-- HOW TO COMPLETE THIS TASK --
Each entry should be repeated exactly. Its pictures should not be.
[ENTRIES PROVIDED — start]
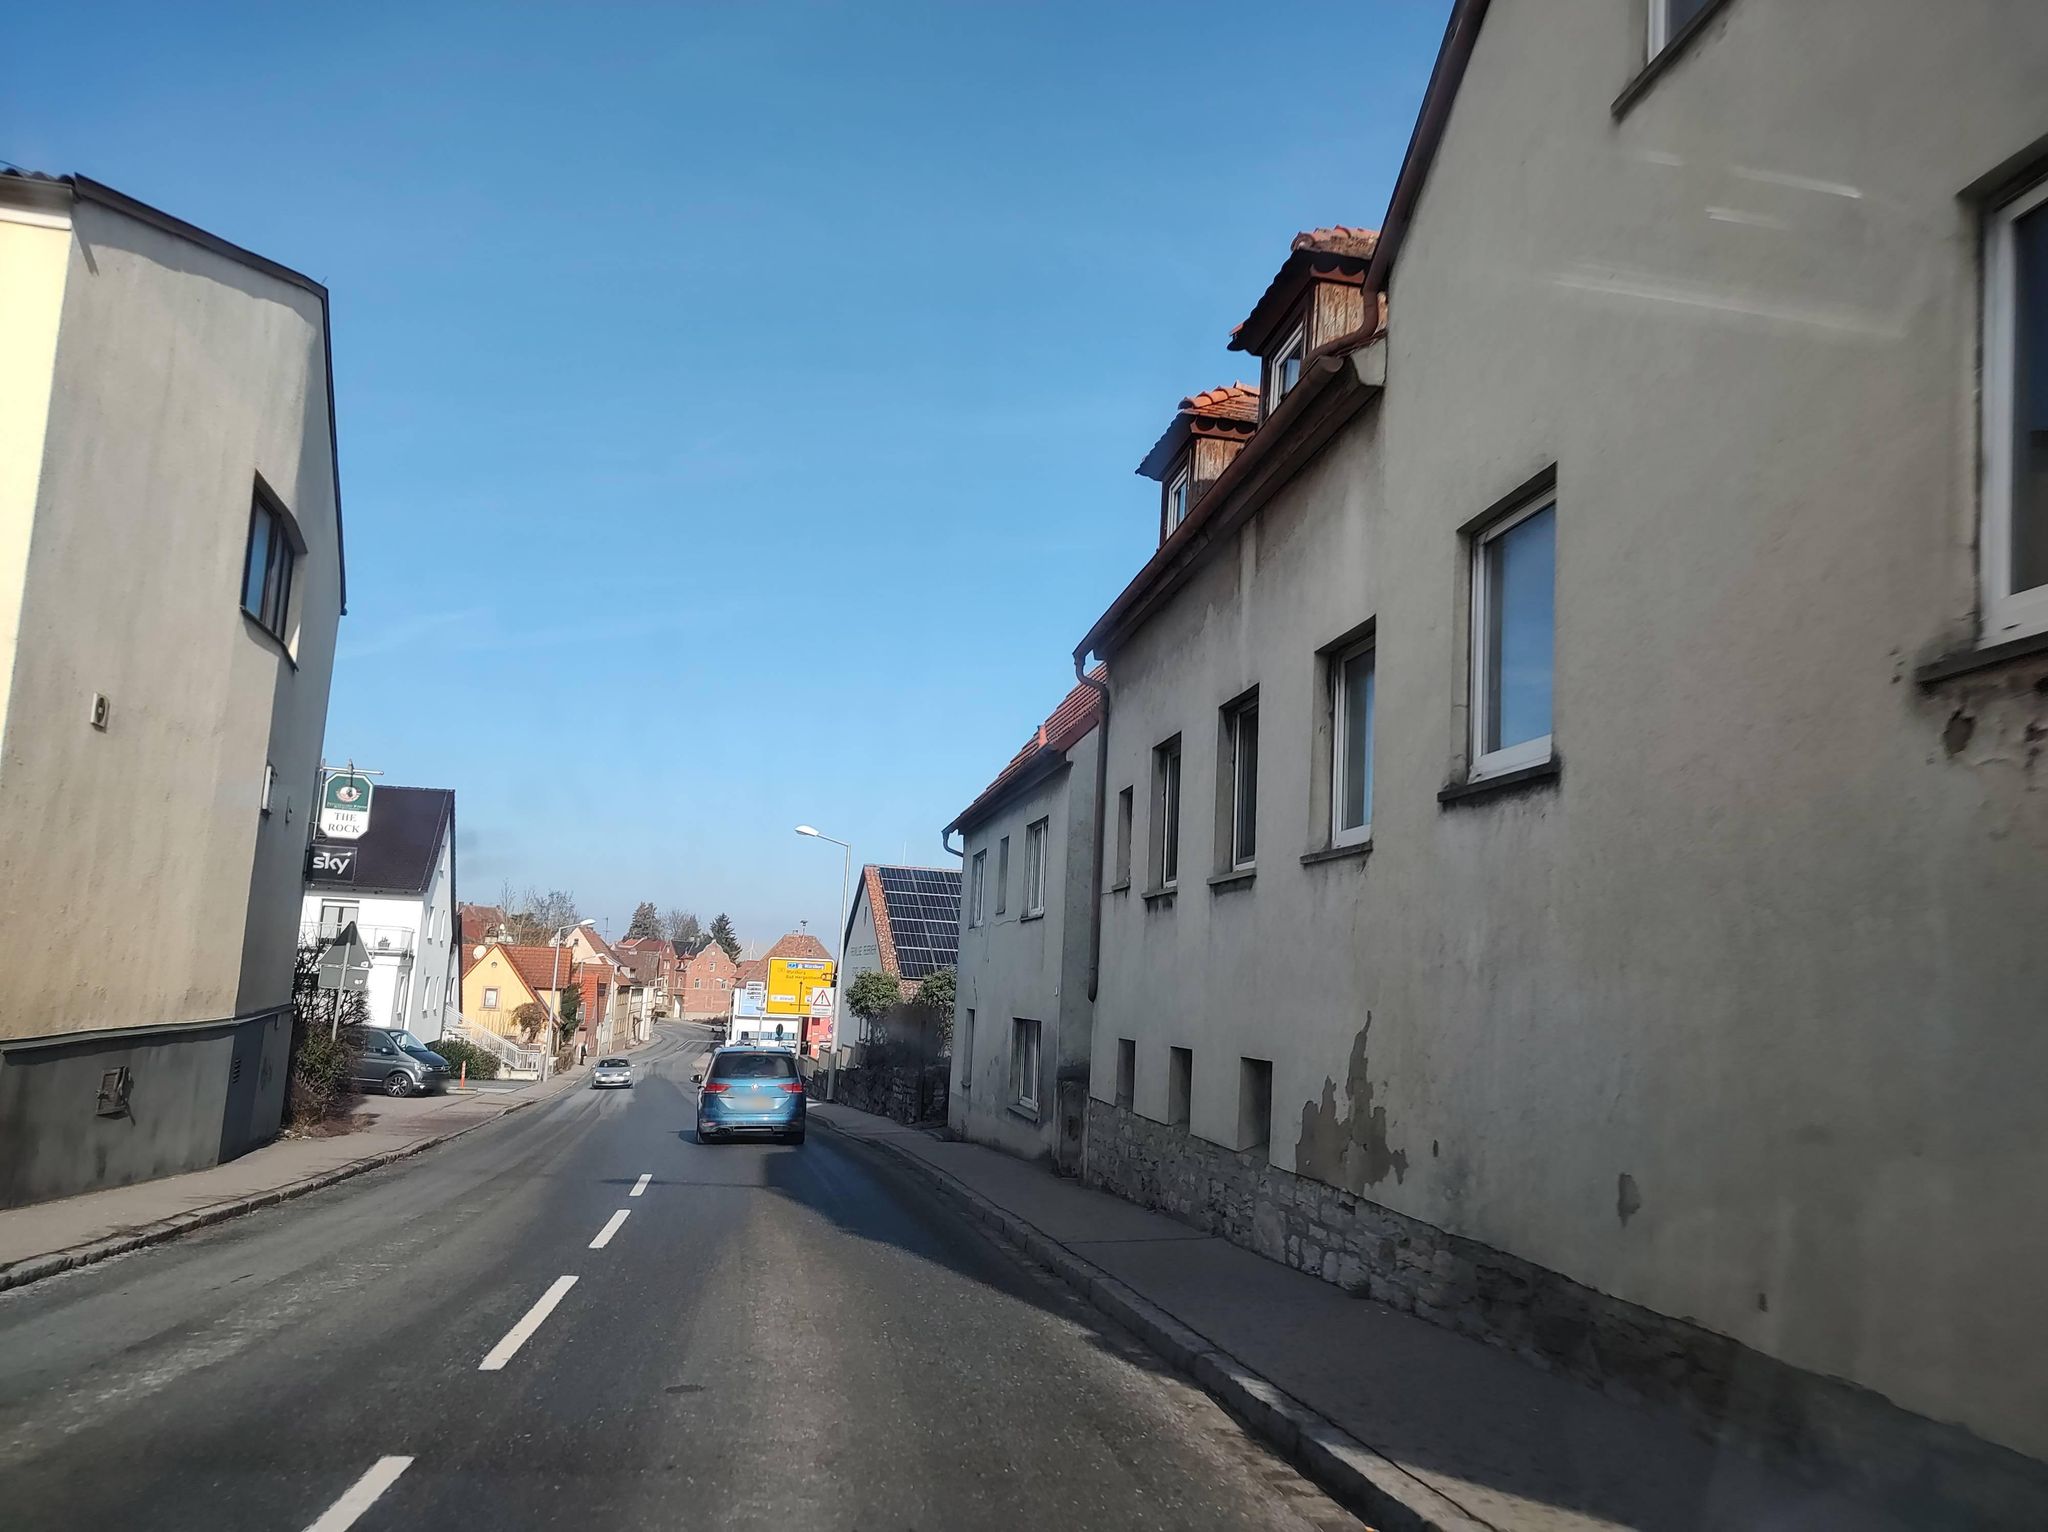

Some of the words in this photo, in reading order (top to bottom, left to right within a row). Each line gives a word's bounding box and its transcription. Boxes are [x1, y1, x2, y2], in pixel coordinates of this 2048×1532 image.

[334, 812, 357, 822] THE
[328, 823, 360, 833] ROCK
[312, 852, 351, 875] sky
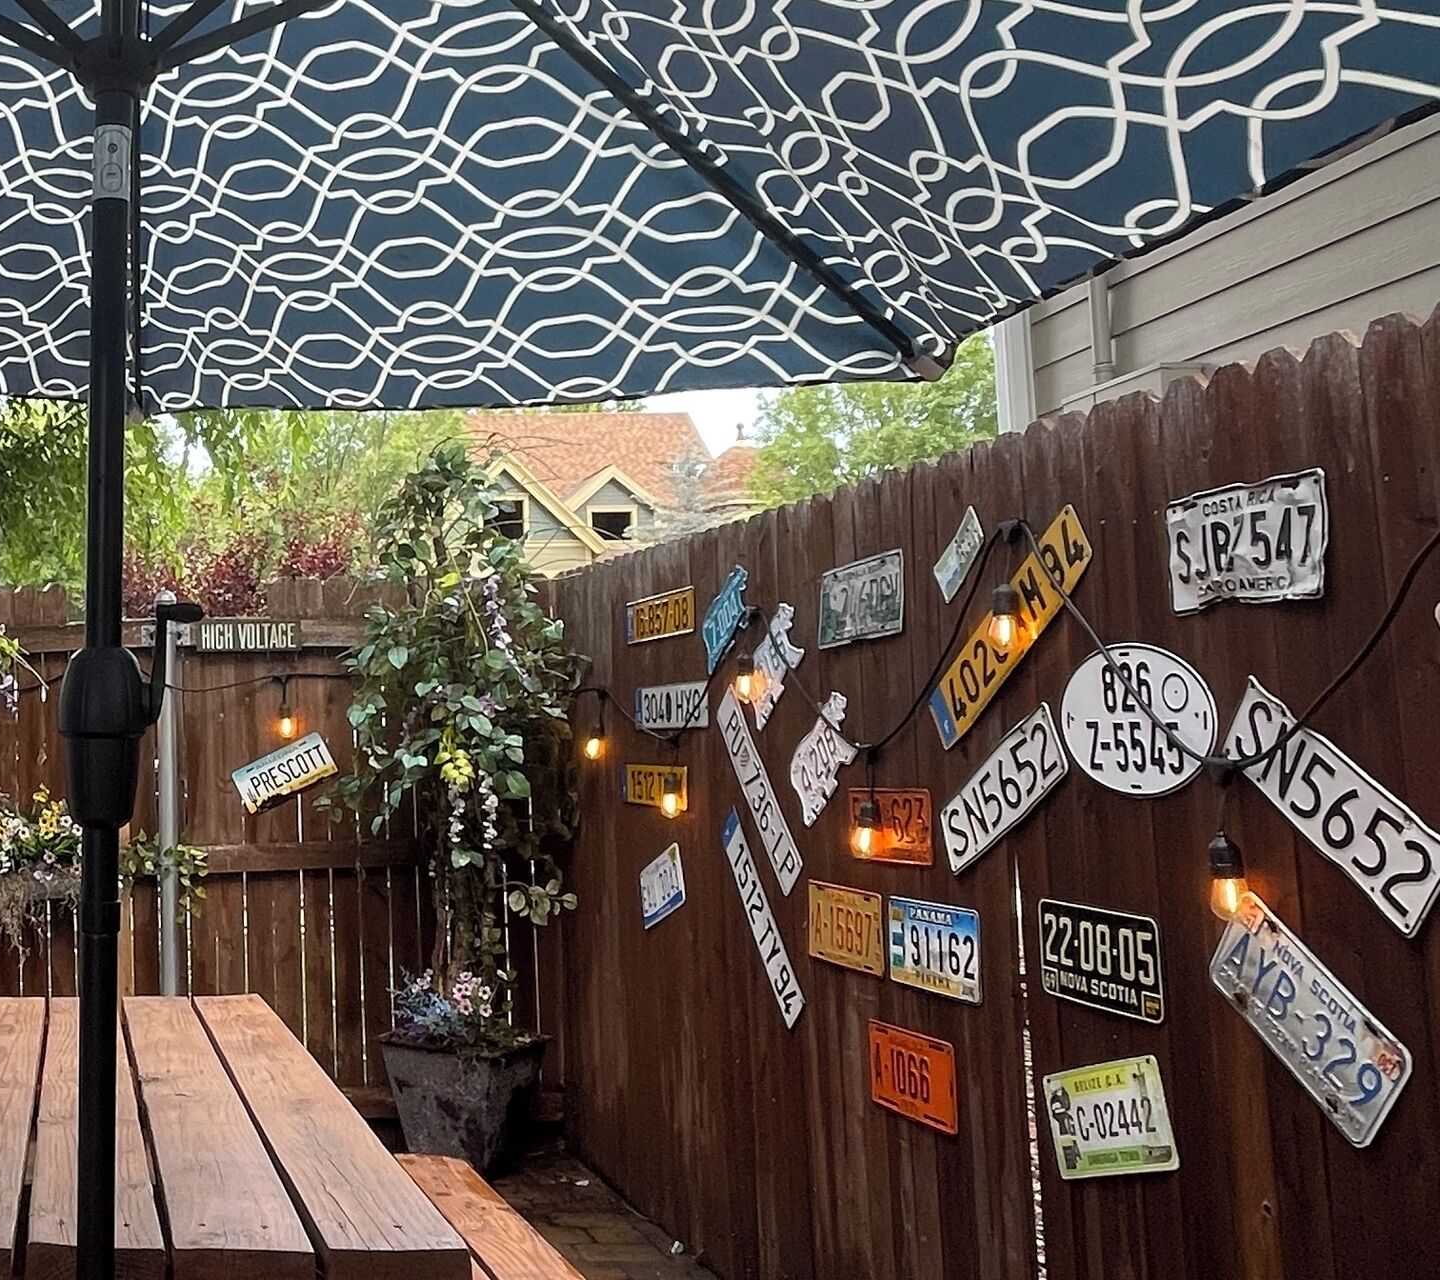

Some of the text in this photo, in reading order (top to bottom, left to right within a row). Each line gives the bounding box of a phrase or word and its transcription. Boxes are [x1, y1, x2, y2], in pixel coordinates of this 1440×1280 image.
[ENTRIES PROVIDED — finish]
-- EXPECTED ANSWER --
Some of the words in this photo, in reading order (top to bottom, left to right within a row). Each line gives a word's bounding box and its transcription. Boxes are [x1, y1, x2, y2], in pixel coordinates of this 2048×1532 image.

[334, 812, 357, 822] THE
[328, 823, 360, 833] ROCK
[312, 852, 351, 875] sky

Some of the text in this photo, in reading order (top to bottom, left to right within a row). Each line gives the bounding box of a phrase or word and its transcription. Boxes are [x1, y1, x2, y2], in pixel coordinates of this 1440×1280 image.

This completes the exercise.